**What is needed:**
For the material below, return exactly the lines starting at the one holding "this 1600×720 image." and ending at the one holding "this 1600×900 image.", counting both as part of the range.

(Supplied material)

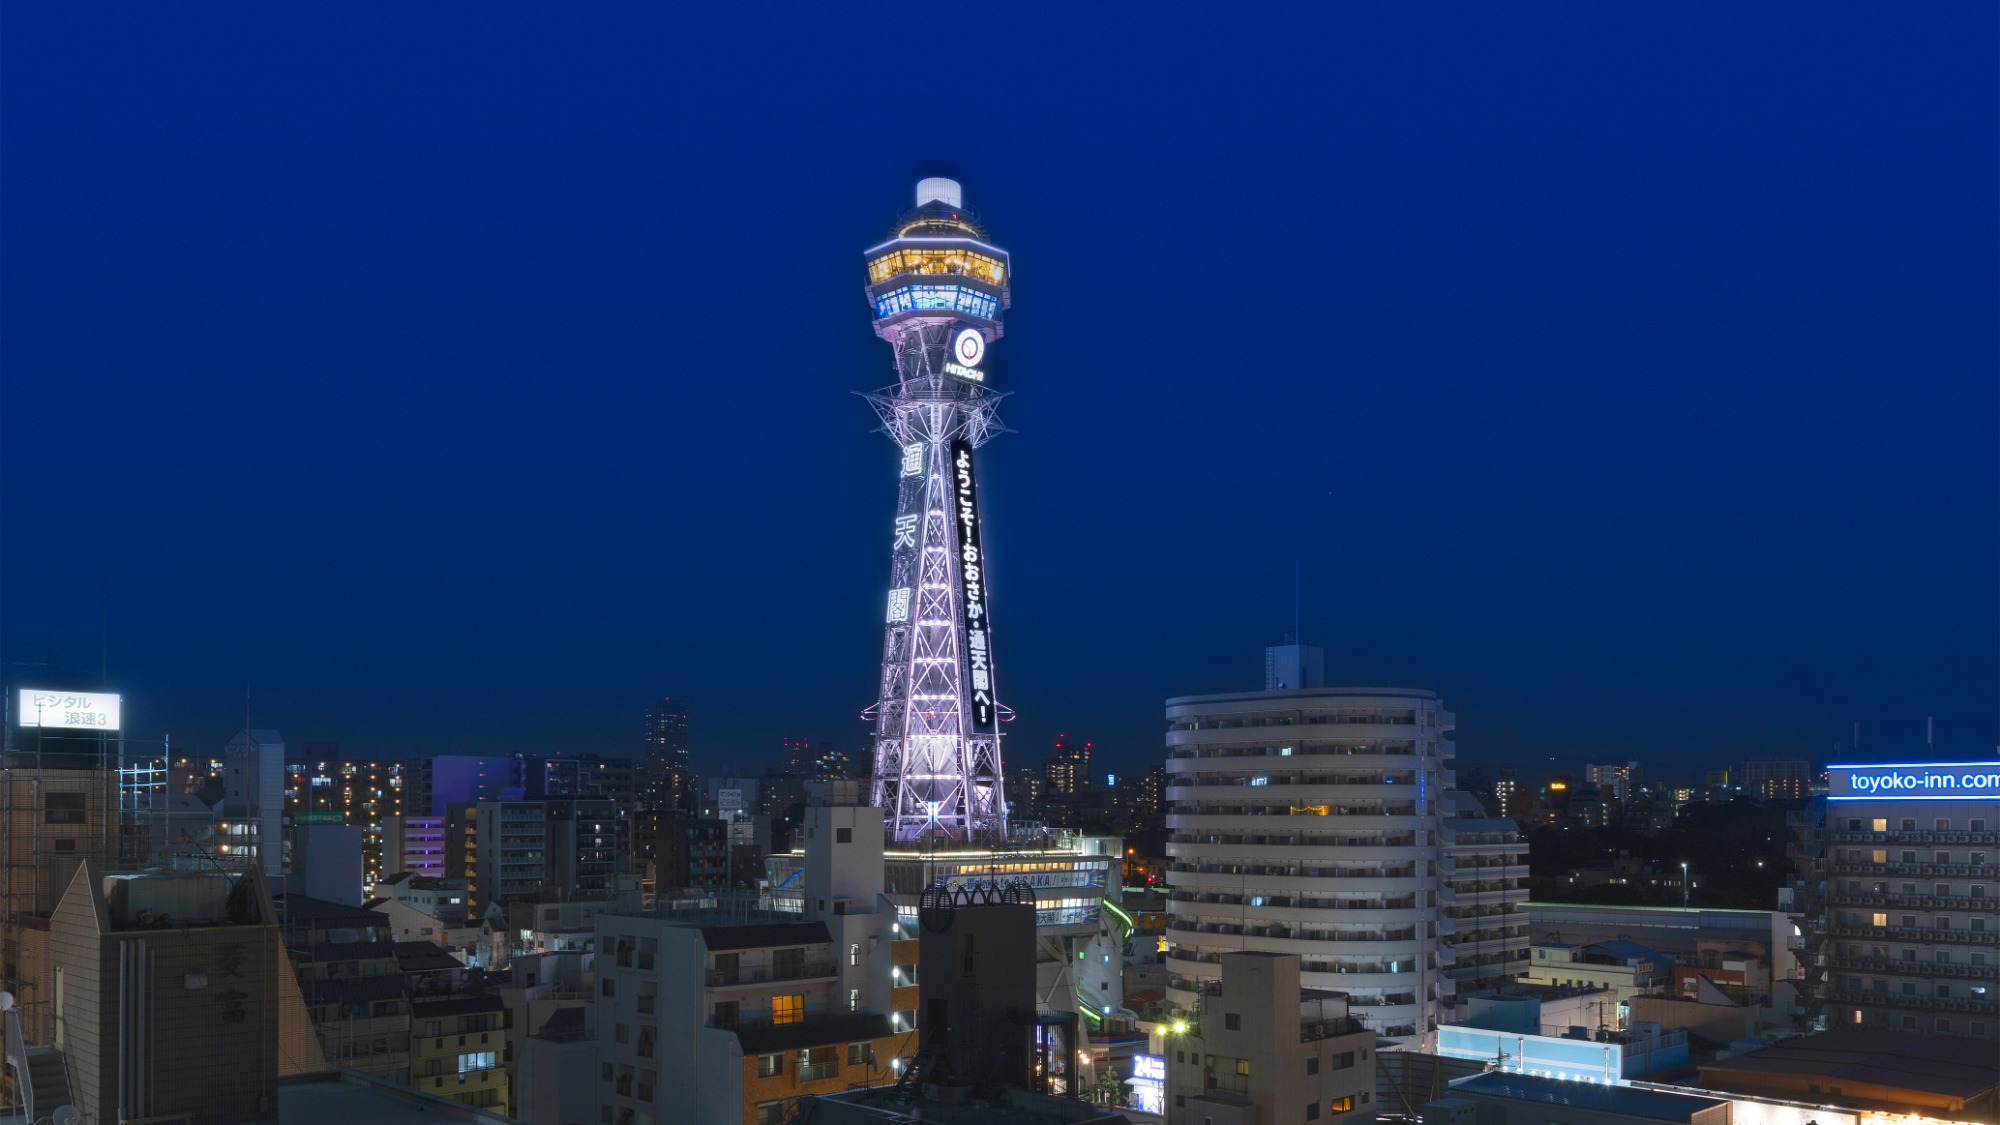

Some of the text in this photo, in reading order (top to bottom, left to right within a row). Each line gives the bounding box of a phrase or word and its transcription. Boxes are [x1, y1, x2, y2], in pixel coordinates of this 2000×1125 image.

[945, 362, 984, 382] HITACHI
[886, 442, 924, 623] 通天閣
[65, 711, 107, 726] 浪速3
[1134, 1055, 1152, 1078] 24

(End Supplied material)
(Supplied material)

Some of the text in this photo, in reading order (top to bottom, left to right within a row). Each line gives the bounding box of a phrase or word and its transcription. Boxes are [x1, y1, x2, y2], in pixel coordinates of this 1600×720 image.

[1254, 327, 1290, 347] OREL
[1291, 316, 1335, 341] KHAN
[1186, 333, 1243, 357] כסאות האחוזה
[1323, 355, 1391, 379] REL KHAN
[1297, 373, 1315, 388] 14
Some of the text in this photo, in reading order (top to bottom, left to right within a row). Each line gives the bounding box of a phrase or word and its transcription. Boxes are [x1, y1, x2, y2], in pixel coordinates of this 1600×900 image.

(End Supplied material)

**Reply:**
Some of the text in this photo, in reading order (top to bottom, left to right within a row). Each line gives the bounding box of a phrase or word and its transcription. Boxes are [x1, y1, x2, y2], in pixel coordinates of this 1600×720 image.

[1254, 327, 1290, 347] OREL
[1291, 316, 1335, 341] KHAN
[1186, 333, 1243, 357] כסאות האחוזה
[1323, 355, 1391, 379] REL KHAN
[1297, 373, 1315, 388] 14
Some of the text in this photo, in reading order (top to bottom, left to right within a row). Each line gives the bounding box of a phrase or word and its transcription. Boxes are [x1, y1, x2, y2], in pixel coordinates of this 1600×900 image.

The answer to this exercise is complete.